## INSTRUCTIONS FOR THE TASK
A word-for-word copy of the data is what's wanted, with no pictures.

## SUPPLIED DATA
┌────────

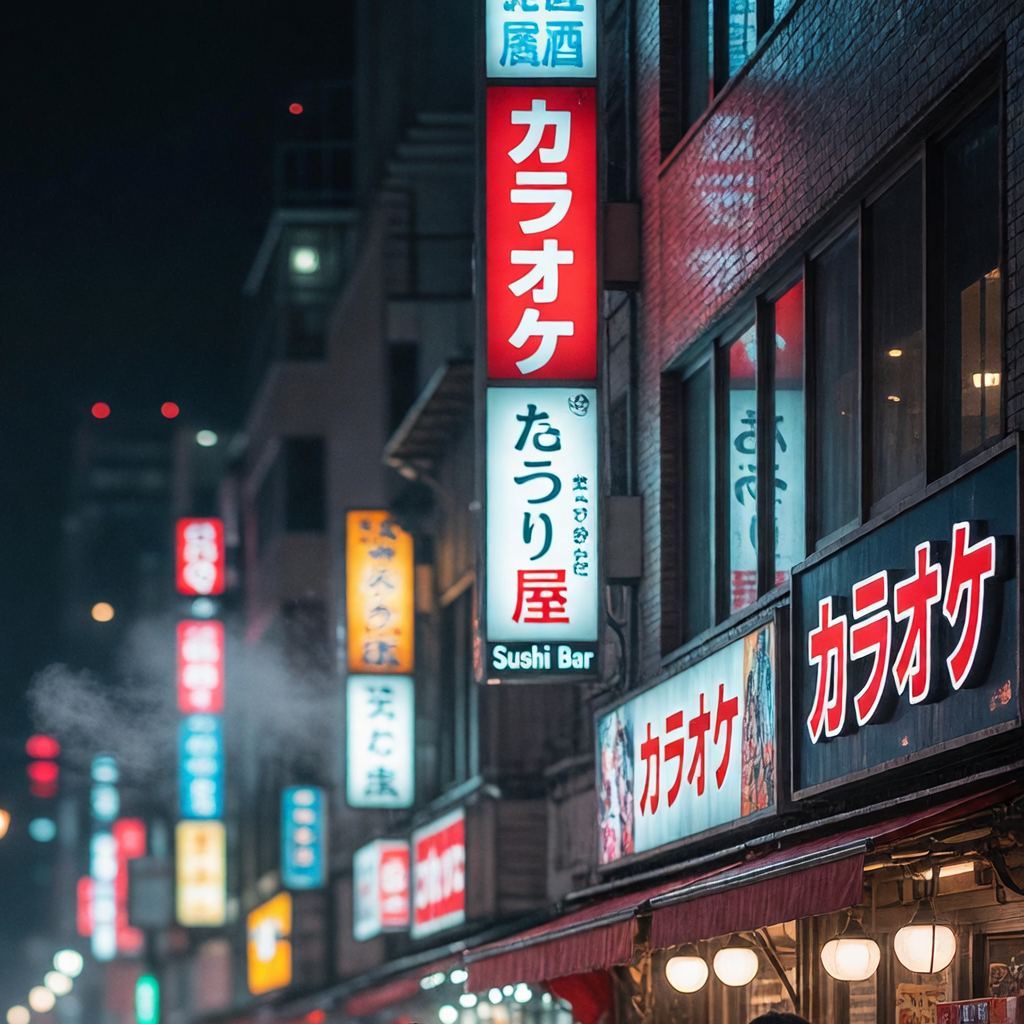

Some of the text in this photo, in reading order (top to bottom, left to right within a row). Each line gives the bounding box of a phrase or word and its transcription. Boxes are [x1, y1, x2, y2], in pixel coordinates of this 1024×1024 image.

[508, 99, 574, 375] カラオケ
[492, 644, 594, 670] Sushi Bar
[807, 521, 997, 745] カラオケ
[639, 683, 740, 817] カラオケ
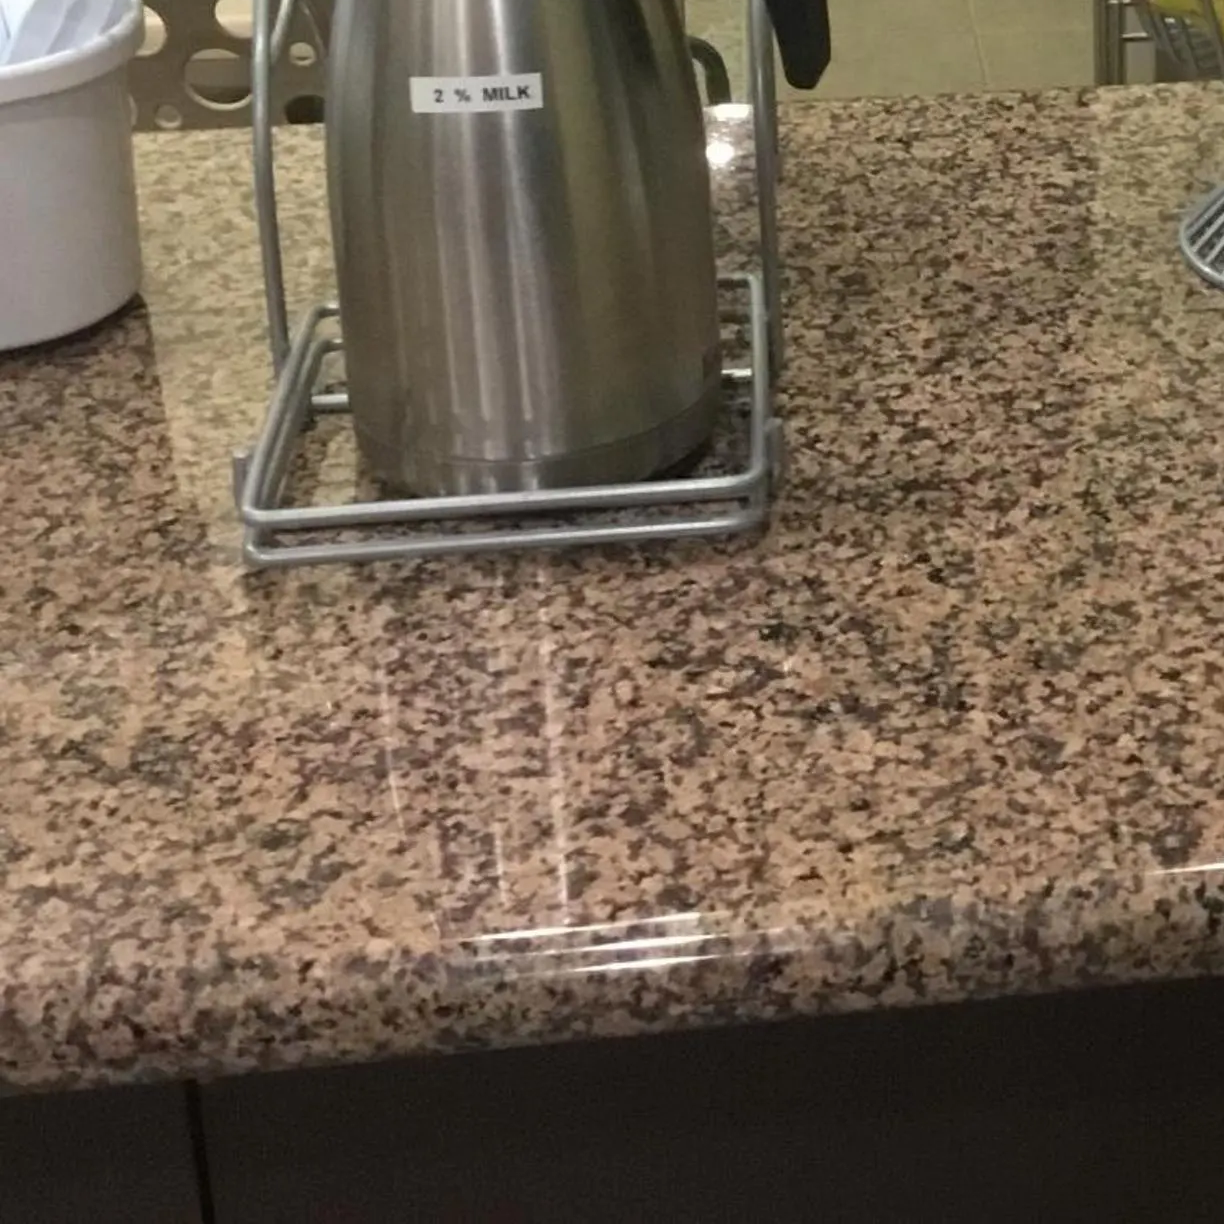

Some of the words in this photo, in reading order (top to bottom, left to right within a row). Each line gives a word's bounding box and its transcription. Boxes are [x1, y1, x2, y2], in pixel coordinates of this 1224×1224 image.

└────────

## ANSWER TO THIS TASK
Some of the text in this photo, in reading order (top to bottom, left to right within a row). Each line gives the bounding box of a phrase or word and its transcription. Boxes are [x1, y1, x2, y2], in pixel coordinates of this 1024×1024 image.

[508, 99, 574, 375] カラオケ
[492, 644, 594, 670] Sushi Bar
[807, 521, 997, 745] カラオケ
[639, 683, 740, 817] カラオケ

Some of the words in this photo, in reading order (top to bottom, left to right within a row). Each line gives a word's bounding box and its transcription. Boxes are [x1, y1, x2, y2], in pixel coordinates of this 1224×1224 image.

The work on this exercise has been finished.